Files
gh-openshift-eng-ai-helpers…/commands/cluster-health-check.md
2025-11-30 08:46:13 +08:00

18 KiB

description, argument-hint
description argument-hint
Perform comprehensive health check on OpenShift cluster and report issues [--verbose] [--output-format]

Name

openshift:cluster-health-check

Synopsis

/openshift:cluster-health-check [--verbose] [--output-format json|text]

Description

The cluster-health-check command performs a comprehensive health analysis of an OpenShift/Kubernetes cluster and reports any detected issues. It examines cluster operators, nodes, deployments, pods, persistent volumes, and other critical resources to identify problems that may affect cluster stability or workload availability.

This command is useful for:

  • Quick cluster status assessment
  • Troubleshooting cluster issues
  • Pre-deployment validation
  • Regular health monitoring
  • Identifying degraded components

Prerequisites

Before using this command, ensure you have:

  1. Kubernetes/OpenShift CLI: Either oc (OpenShift) or kubectl (Kubernetes)

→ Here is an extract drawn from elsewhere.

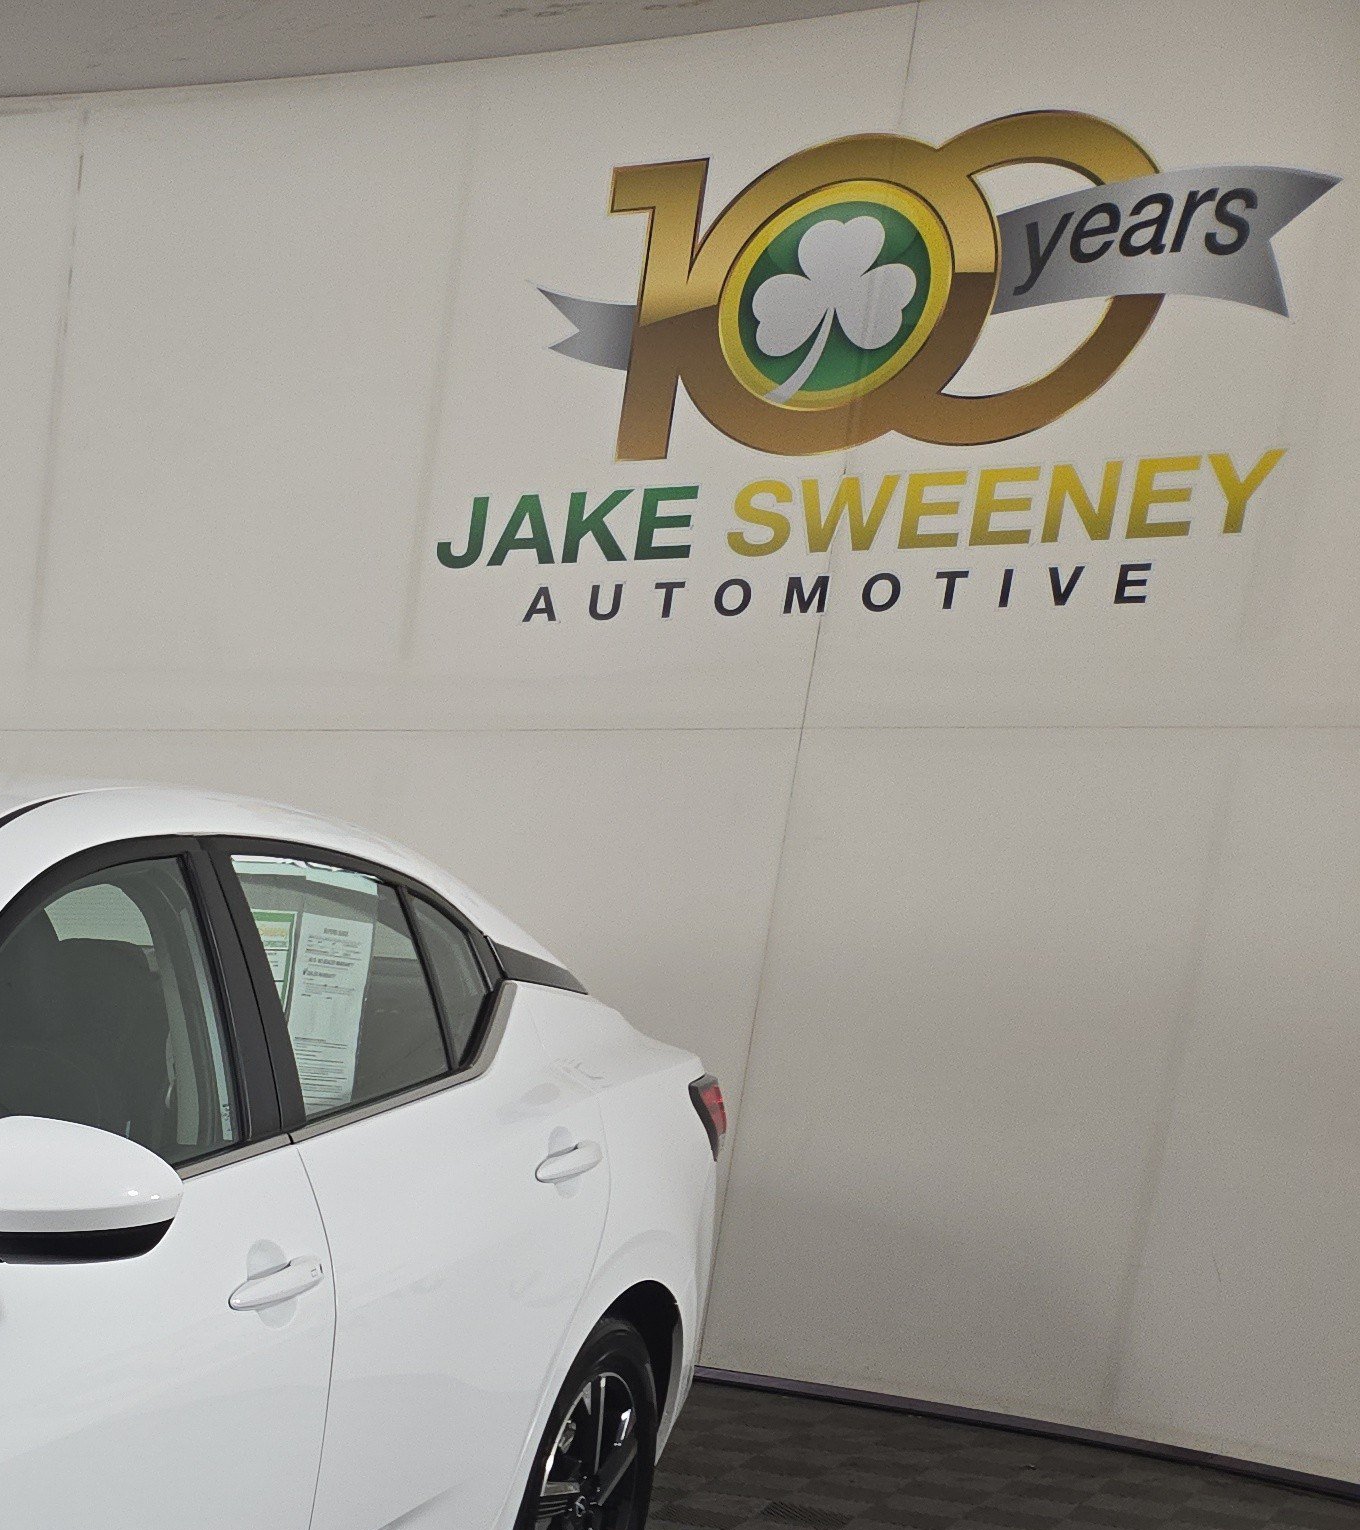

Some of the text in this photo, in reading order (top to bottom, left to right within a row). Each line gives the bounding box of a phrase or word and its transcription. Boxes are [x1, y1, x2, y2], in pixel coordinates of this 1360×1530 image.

  2. Active cluster connection: Must be connected to a running cluster

    • Verify with: oc whoami or kubectl cluster-info
    • Ensure KUBECONFIG is set if needed
  3. Sufficient permissions: Must have read access to cluster resources

    • Cluster-admin or monitoring role recommended for comprehensive checks
    • Minimum: ability to view nodes, pods, and cluster operators

Arguments

  • --verbose (optional): Enable detailed output with additional context

    • Shows resource-level details
    • Includes warning conditions
    • Provides remediation suggestions
  • --output-format (optional): Output format for results

    • text (default): Human-readable text format
    • json: Machine-readable JSON format for automation

Implementation

The command performs the following health checks:

1. Determine CLI Tool

Detect which Kubernetes CLI is available:

if command -v oc &> /dev/null; then
    CLI="oc"
    CLUSTER_TYPE="OpenShift"
elif command -v kubectl &> /dev/null; then
    CLI="kubectl"
    CLUSTER_TYPE="Kubernetes"
else
    echo "Error: Neither 'oc' nor 'kubectl' CLI found. Please install one of them."
    exit 1
fi

2. Verify Cluster Connectivity

Check if connected to a cluster:

if ! $CLI cluster-info &> /dev/null; then
    echo "Error: Not connected to a cluster. Please configure your KUBECONFIG."
    exit 1
fi

# Get cluster version info
if [ "$CLUSTER_TYPE" = "OpenShift" ]; then
    CLUSTER_VERSION=$($CLI version -o json 2>/dev/null | jq -r '.openshiftVersion // "unknown"')
else
    CLUSTER_VERSION=$($CLI version --short 2>/dev/null | grep -i server | awk '{print $3}')
fi

3. Initialize Health Check Report

Create a report structure to collect findings:

REPORT_FILE=".work/cluster-health-check/report-$(date +%Y%m%d-%H%M%S).txt"
mkdir -p .work/cluster-health-check

# Initialize counters
CRITICAL_ISSUES=0
WARNING_ISSUES=0
INFO_MESSAGES=0

4. Check Cluster Operators (OpenShift only)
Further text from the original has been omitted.